Roxana pov.
Nie wiem o
co chodzi, ale nie jest dobrze. Co on tutaj w ogóle robi? Z jednej strony
odczułam pewnego rodzaju ulgę, że widzę go całego. No prawie.. Nie zwracając
uwagi na rozcięte wargi i podbite oko. I koszulka splamiona krwią? Nie mam
pojęcia co się dzieje. Spoglądając na twarz mojej mamy nie była zbytnio zachwycona jego widokiem. Wręcz patrzyła na
niego z pewnego rodzaju odrazą.
-Nic ci nie
jest? Nic ci nie zrobili? –Zaczął krzyczeć prosto przed moją twarzą.
-Kto miałby
mi coś zrobić? –Udałam zaskoczoną. Grałam niewiedzącą przed moją mamą. Gdyby
dowiedziała się, że ktoś próbował mnie uprowadzić nie byłoby dobrze.
-Ale jak to?
Przecież.. –Najwyraźniej zorientował się o co mi chodzi i szybko zakończył
temat. Moja mama ogłupiale patrzyła na naszą dwójkę. Kierowała wzrok na mnie to
na Justina, próbując cokolwiek wywnioskować.
-A może ktoś
będzie łaskaw mi to wytłumaczyć? –Zdesperowana zapytała.
-Nie ważne,
to chyba małe nieporozumienie. Prawda Justin? –Przenikliwie spojrzałam przez
ramię.
-Yy tak.
Nieporozumienie. –Poparł moje słowa.
-Cokolwiek.
Sądzę, że to nie najlepszy pomysł abyś widywał się z moją córką. Oczywiście nie
żebym cokolwiek wywnioskowała.. Lecz sądząc po twoim zachowaniu i „wyglądzie”..
–Ujęła ostatnie słowa. Miała oczywiście na myśli jego posiniaczoną twarz. Co do
jego naturalnego wyglądu nie było zastrzeżeń.. Zatkaj się! Powiedziałam do
siebie w myślach. Nie pora na takie wyobrażania. Oczywiście nie miałam na myśli
nic nieodpowiedniego.. Tak..
Justin stał
przez chwilę zmieszany nie wiedząc jak się zachować.
-To.. Cześć
Justin. –Stanowczo się pożegnałam i weszłam do mieszkania. Jak na razie nasza
rozmowa odbywała się na klatce schodowej.
-Cześć.. –Zrezygnowanie
odpowiedział. Stał jeszcze nieruchomo przez chwilę, lecz widząc, że znikam z
jego oczu ruszył się z miejsca.
Justin pov.
Kurwa. Serio
się o nią martwiłem. Teraz tak po prostu się mnie pozbywa? Nie. Nie tak łatwo.

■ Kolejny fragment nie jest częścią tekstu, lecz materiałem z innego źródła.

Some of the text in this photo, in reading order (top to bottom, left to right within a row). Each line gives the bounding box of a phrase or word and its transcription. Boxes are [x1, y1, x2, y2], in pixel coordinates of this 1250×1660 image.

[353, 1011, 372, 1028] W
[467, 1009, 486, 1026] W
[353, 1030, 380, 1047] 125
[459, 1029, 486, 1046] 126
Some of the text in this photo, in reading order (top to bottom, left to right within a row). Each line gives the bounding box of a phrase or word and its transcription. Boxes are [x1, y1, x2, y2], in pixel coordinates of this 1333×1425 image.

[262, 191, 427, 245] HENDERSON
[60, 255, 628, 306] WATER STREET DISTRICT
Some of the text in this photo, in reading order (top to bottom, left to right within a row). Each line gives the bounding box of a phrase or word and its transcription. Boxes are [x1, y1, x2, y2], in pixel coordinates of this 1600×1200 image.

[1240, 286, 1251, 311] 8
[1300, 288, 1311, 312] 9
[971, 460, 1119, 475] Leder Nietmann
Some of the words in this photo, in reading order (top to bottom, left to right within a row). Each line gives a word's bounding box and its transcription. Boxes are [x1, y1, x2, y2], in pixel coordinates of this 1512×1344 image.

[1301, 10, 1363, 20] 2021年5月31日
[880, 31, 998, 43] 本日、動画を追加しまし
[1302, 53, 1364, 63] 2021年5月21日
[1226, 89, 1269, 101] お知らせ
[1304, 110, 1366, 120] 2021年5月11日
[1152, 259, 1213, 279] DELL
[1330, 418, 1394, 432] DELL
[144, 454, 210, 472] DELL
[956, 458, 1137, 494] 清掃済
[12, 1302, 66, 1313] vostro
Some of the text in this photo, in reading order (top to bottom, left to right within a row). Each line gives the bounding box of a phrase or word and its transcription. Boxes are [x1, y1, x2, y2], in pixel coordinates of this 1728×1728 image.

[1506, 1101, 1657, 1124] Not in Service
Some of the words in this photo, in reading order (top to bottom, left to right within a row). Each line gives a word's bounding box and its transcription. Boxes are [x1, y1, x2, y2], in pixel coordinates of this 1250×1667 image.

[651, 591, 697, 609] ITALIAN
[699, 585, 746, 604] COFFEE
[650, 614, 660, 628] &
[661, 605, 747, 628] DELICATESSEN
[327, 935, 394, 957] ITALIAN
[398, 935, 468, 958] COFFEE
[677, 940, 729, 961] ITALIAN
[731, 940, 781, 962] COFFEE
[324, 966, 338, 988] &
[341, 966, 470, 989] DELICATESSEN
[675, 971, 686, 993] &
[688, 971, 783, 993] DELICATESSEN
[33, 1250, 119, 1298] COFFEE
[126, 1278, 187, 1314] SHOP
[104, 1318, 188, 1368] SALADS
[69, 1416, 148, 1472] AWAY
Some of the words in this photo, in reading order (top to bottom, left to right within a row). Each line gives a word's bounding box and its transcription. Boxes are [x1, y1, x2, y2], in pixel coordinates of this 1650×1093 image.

Nie po tym wszystkim. Wkurwiony, a jednocześnie sfrustrowany jej zachowaniem
wyszedłem na zewnątrz. Pieszo udałem się do centrum, gdzie stał mój samochód.
Furgonetkę Luka zostawiłem w całkiem innym miejscu. Po kilku minutach
siedziałem już w swoim BMW. Moje myśli ciągle skupiały się na bezmyślnym
zachowaniu Roxany. Czy ona nie potrafi tego zauważyć, że naprawdę mi na niej
zależy? A może po prostu to tylko złudzenie.. Może i tak potraktuję ją jak
każdą inną. Nie umiem odpowiedzieć na to pytanie. Miałem cholerną ochotę
położyć się do łóżka i zasnąć.
Opuściłem
samochód, parkując go pod swoim mieszkaniem. Po chwili otworzyłem drzwi i byłem
już w środku.
-Już jestem.
Jest tu ktoś? –Zawołałem.
-Justin.. –Twarz
mojej mamy ukazała się na korytarzu. –Znowu się biłeś? –Załamując ręce
niepotrzebnie zadała to pytanie. Chyba nie było sensu odpowiedzi. Chciałem ją
jednak jakoś uspokoić.
-Nie.. Kilka
szturchnięć.. To tyle.
-Niewątpliwie.
Szczególnie patrząc na tą krew na koszulce. –Próbowała wyciągnąć ze mnie coś
więcej.
-Daj spokój.
Porozmawiamy innym razem. –Kierowałem się w stronę łazienki. Marzyłem o szybkim
prysznicu. Nie mogłem dostać się jednak do środka.
-Jazzy!
Cholera ile możesz tam siedzieć!? –Krzyczałem przez drzwi. Nie rozumiem co
można robić w łazience tyle czasu.
-Otwieraj te
cholerne drzwi! –Zawołałem ponownie. –Tak, oczywiście. Udawaj, że mnie nie
słyszysz.
Na szczęście
tym razem nie musiałem czekać „aż” tak długo. Jazzy wyszła na korytarz. Ale..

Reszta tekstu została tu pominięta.